Music Rekindles Memories at Cedar Community

For Barbara Fedderly, music produces an awakening.

When she listens to her iPod, the resident of Cedar Community in West Bend, Wisconsin, is suddenly animated.

“She will hold her shoulders and sometimes smile,” Norman Fedderly says of his wife’s reaction to the music.

Barbara is one of 19 current Cedar Community residents enrolled in the Music & Memory program, launched in 2014. The program, which is also offered by several other CHHSM members, uses music delivered to residents through iPods in a therapy program to rekindle memories and stimulate emotion in patients with mid-to-late stage severe dementia.

Music can trigger memories of lyrics and the experiences connected with the melodies, according to Music & Memory, a nonprofit program established in 2008 with funding from the Shelley & Donald Rubin Foundation. Music can often “calm chaotic brain activity and enable the listener to focus on the present moment and regain a connection to others,” the group says.

Cedar Community initially received 10 iPods and headphones at no charge from Music & Memory, says Lisa Kelling, a music therapist at Cedar Community. Kelling and another therapist completed the organization’s certification through a series of online classes. They continue learning through monthly webinars.

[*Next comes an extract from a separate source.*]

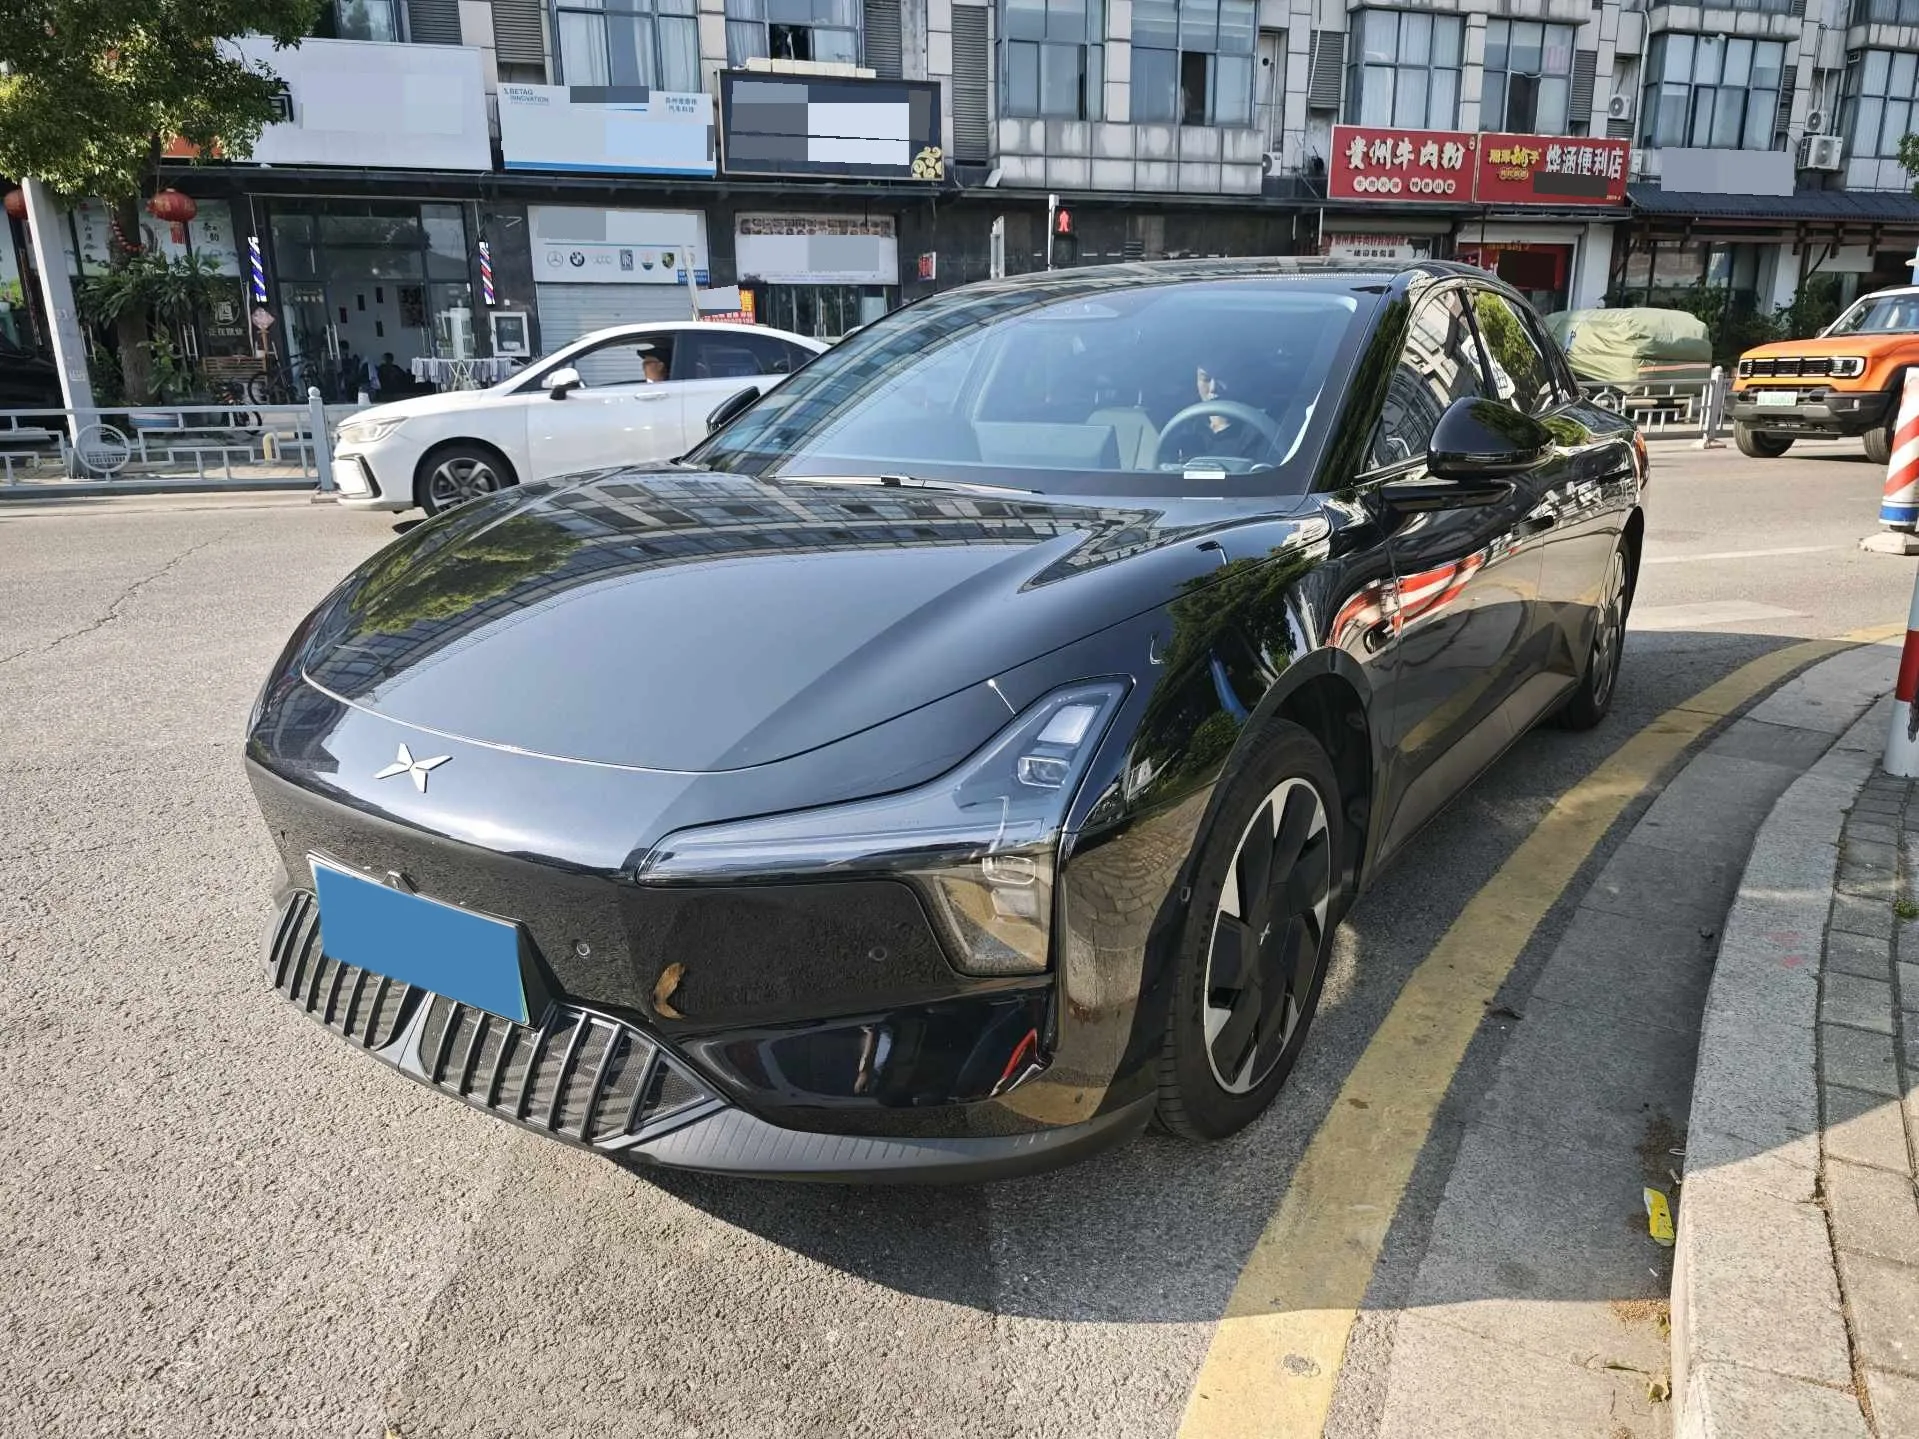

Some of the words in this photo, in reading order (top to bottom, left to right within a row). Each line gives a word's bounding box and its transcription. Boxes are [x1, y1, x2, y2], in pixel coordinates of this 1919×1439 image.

[1545, 143, 1624, 180] 烨涵便利店
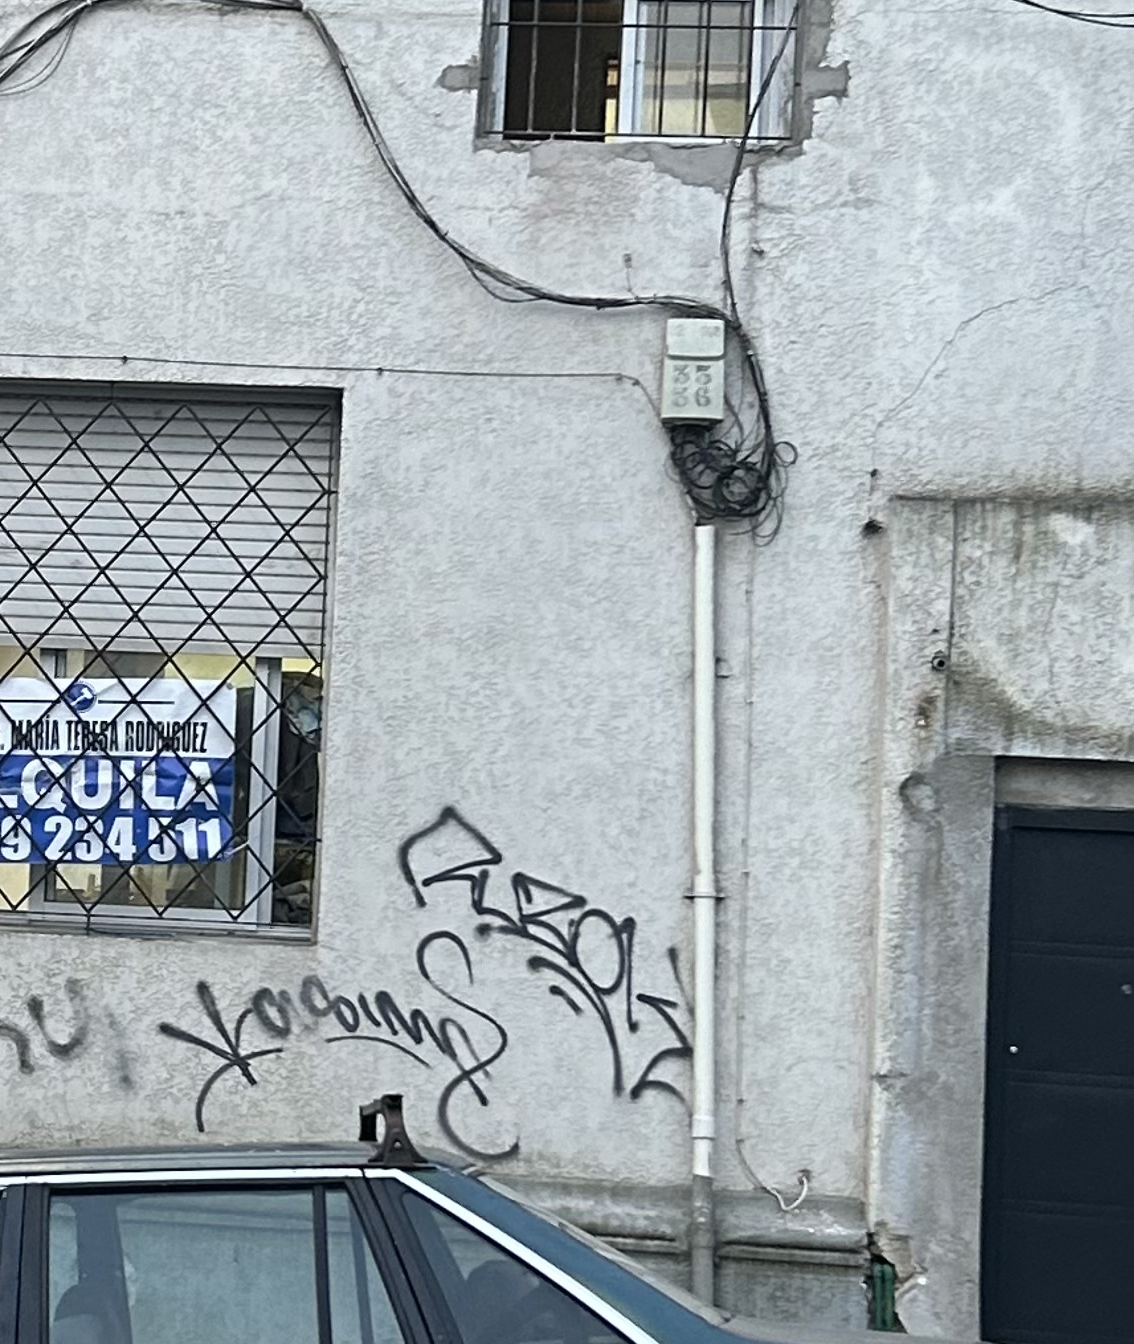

One resident comes from a family that is very musical and has a polka band, she says.

“That’s the only music we have on her iPod,” says Kelling. “There are days when that is the only way she will take her medication, if she is listening to her iPod.”

Music has helped other patients who are having trouble focusing on eating because they are anxious, says Kelling.

Residents have different preferences for music and will let team members know if they don’t like the songs they are hearing. If the resident isn’t able to answer questions regarding their preferences, the families are then interviewed.

“Some will try to pull the headphones off if it’s something they don’t like,” Kelling says. ”Sometimes they will grimace or give you a look so that you can tell it’s not their preference.”

In their younger days, Norman says he and his wife enjoyed dancing and listening to the radio. He says Barbara was never a musician but always enjoyed music, including folk singers such as Bob Dylan and Pete Seeger.

Barbara’s love of music is still there, Norman says, a remnant of the past rekindled.

“She doesn’t respond much when I talk to her,” he says. “You can tell music makes a difference.”